Депутат Баумштарк заявляет, что никогда не согласится объявить себя некомпетентным в каком-нибудь деле, пока но будет вынужден признать, что он в этом деле ничего не понимает, – но неужели же результатом восьми недельных прений может быть полное непонимание дела?

Депутат Баумштарк, стало быть, компетентен. И вот в каком смысле:

«Я спрашиваю, дает ли нам проявленная нами до сих пор мудрость полное право» (т. е. компетентность) «выступить против Собрания, которое вызвало к себе

всеобщий интерес в Германии,

восхищение всей Европы,

благородством своего образа мыслей,

высотой своего интеллекта,

нравственностью своих государственных взглядов», – словом,


«всем, чем возвеличено и прославлено в истории имя Германии, Перед всем этим я преклоняюсь» (т. е. объявляю себя некомпетентным), «и хотел бы, чтобы Собрание из чувства истины (!!) также преклонилось бы» (т. е. объявило бы себя некомпетентным»!

«Господа», – продолжает «компетентный» депутат Баумштарк, – «на вчерашнем заседании было сказано, что разговоры о республике и т. д. носят нефилософский характер. Но никак не может быть нефилософским утверждение, что отличительным признаком республики в демократическом смысле является ответственность лица, стоящего во главе государства. Господа, бесспорно, что все философы государственного права, от Платона и ниже вплоть до Дальмана» («ниже» депутат Баумштарк действительно не мог опуститься), «высказали именно этот взгляд, и мы не можем без совершенно особых соображений, которые еще должны быть выдвинуты, вступать в противоречие с этой более чем тысячелетней истиной (!) и с историческим фактом».

Значит, г-н Баумштарк полагает, что все-таки могут найтись иногда такие «совершенно особые соображения», по которым следует вступать в противоречия даже с «историческими фактами». Впрочем, господа депутаты правой обычно в этом отношении не церемонятся.

Далее г-н Баумштарк объявляет себя снова некомпетентным, взваливая компетенцию на плечи «всех философов государственного права от Платона и ниже вплоть до Дальмана», к каковым философам г-н Баумштарк, разумеется, не принадлежит.

«Представьте себе только это государственное здание! Одна палата и ответственный имперский регент, и это на основе нынешнего избирательного закона! При ближайшем рассмотрении всякий согласится, что это противоречит здравому смыслу».

И тут г-н Баумштарк изрекает следующие глубокомысленные слова, которые, даже при самом пристальном рассмотрении, не окажутся в противоречии со «здравым смыслом».
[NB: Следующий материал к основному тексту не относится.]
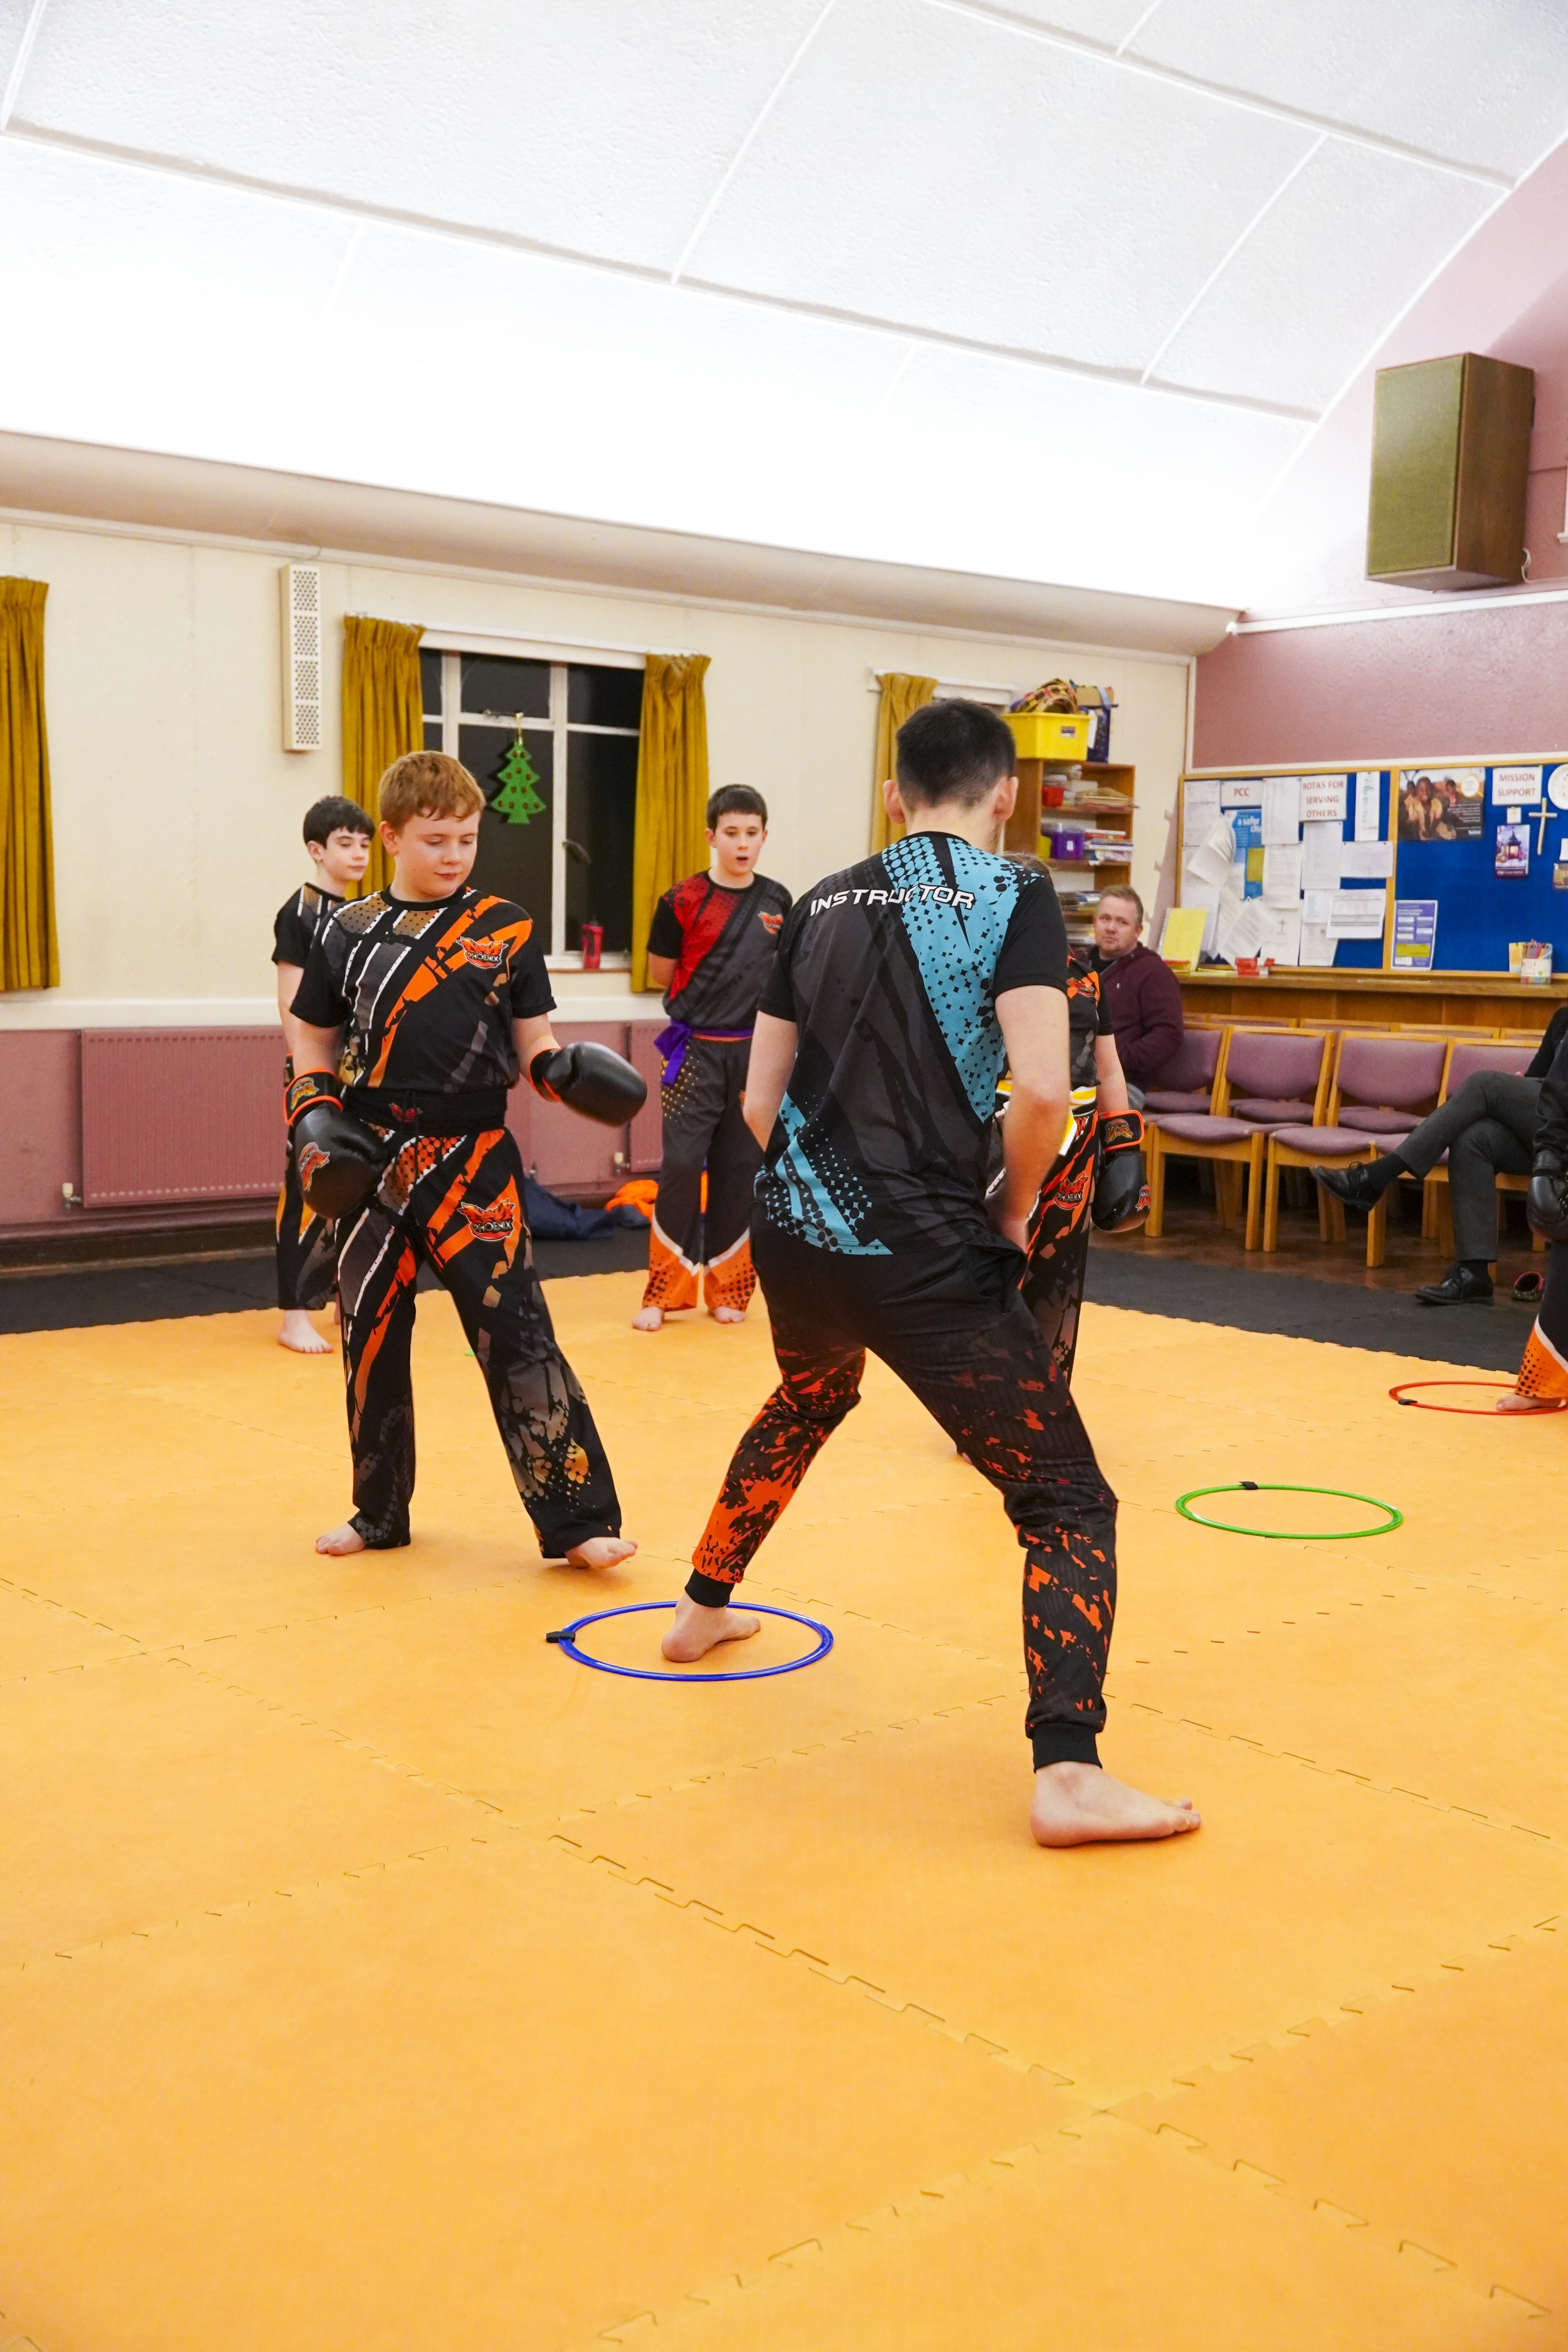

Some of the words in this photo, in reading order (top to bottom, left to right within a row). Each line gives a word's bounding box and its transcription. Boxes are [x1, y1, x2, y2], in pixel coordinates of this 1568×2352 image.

«Господа! Для республики требуются две вещи: суждение народа и руководящие личности. Если мы присмотримся поближе к суждению нашего немецкого народа, мы едва ли найдем в нем хотя бы намек на такую республику» (т. е. вышеупомянутую республику имперского регента)!

Стало быть, г-н Баумштарк снова объявляет себя некомпетентным, причем на этот раз не он, а народное суждение является компетентным в вопросе о республике. Народное суждение «разумеет», стало быть, в этом деле лучше, чем депутат Баумштарк.

Но под конец оратор доказывает, что существуют и такие вопросы, в которых он кое-что «разумеет», и сюда относится прежде всего вопрос о народном суверенитете.

«Господа! История дает нам доказательство, – и я должен на этом остановиться, – что народный суверенитет существовал у нас с незапамятных времен, но, видоизменяясь, он принимал разные формы».

И далее следует ряд «превосходнейших мыслей и проницательнейших суждений» по поводу бранденбургско-прусской истории и народного суверенитета – мыслей и суждений, заставивших соседнего публициста от избытка конституционного блаженства и доктринерского упоения позабыть о всех земных страданиях.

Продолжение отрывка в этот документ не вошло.